Required action: Pictures stay out of the copy, and everything else in the data below is repeated exactly.
>>
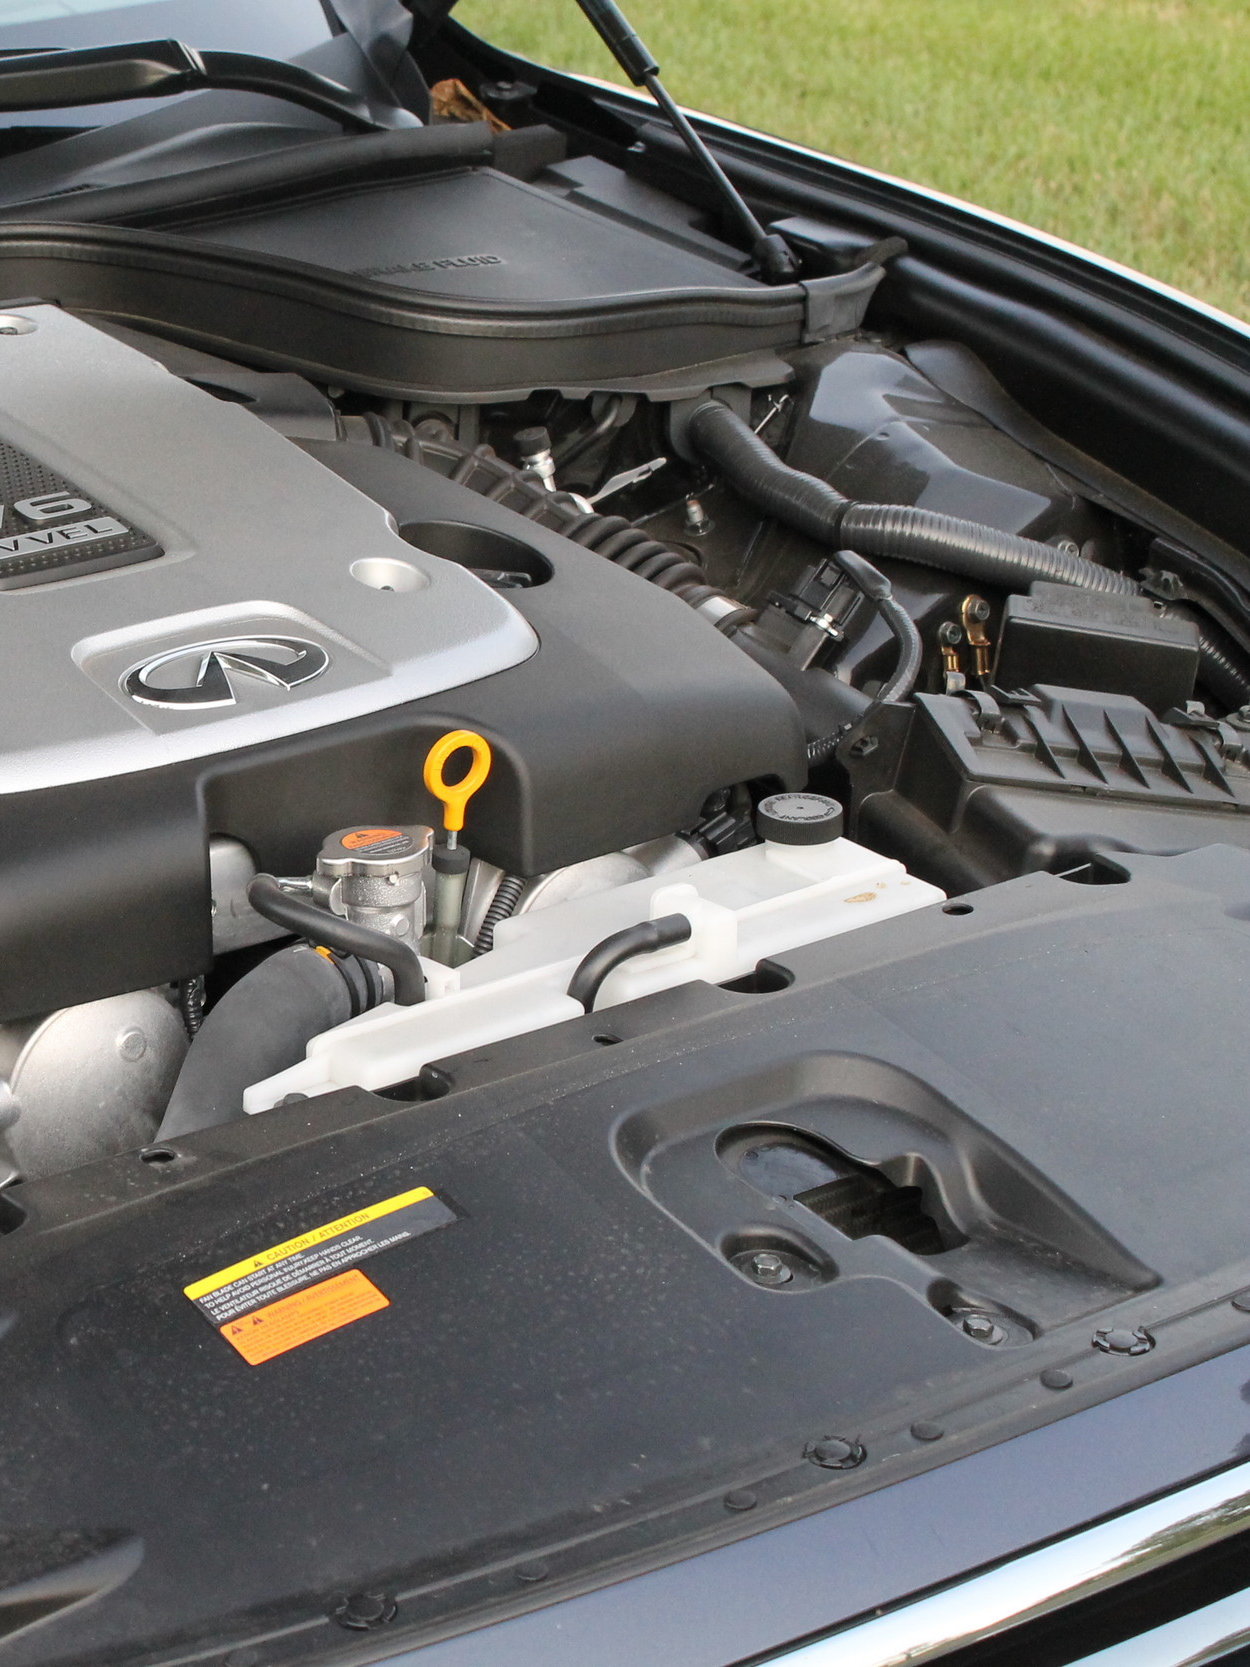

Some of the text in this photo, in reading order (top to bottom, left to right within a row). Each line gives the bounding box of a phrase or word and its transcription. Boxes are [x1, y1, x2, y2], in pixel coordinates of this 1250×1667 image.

[433, 254, 502, 269] FLUID
[266, 1238, 309, 1260] CAUTION
[318, 1213, 369, 1238] ATTENTION
[318, 1264, 332, 1272] PAS
[377, 1239, 390, 1247] LES
[199, 1294, 213, 1303] FAN
[212, 1284, 233, 1297] BLADE
[232, 1278, 248, 1287] CAN
[247, 1269, 266, 1280] START
[275, 1259, 287, 1268] ANY
[210, 1307, 220, 1315] LE
<<
Your response:
Some of the text in this photo, in reading order (top to bottom, left to right within a row). Each line gives the bounding box of a phrase or word and its transcription. Boxes are [x1, y1, x2, y2], in pixel coordinates of this 1250×1667 image.

[433, 254, 502, 269] FLUID
[266, 1238, 309, 1260] CAUTION
[318, 1213, 369, 1238] ATTENTION
[318, 1264, 332, 1272] PAS
[377, 1239, 390, 1247] LES
[199, 1294, 213, 1303] FAN
[212, 1284, 233, 1297] BLADE
[232, 1278, 248, 1287] CAN
[247, 1269, 266, 1280] START
[275, 1259, 287, 1268] ANY
[210, 1307, 220, 1315] LE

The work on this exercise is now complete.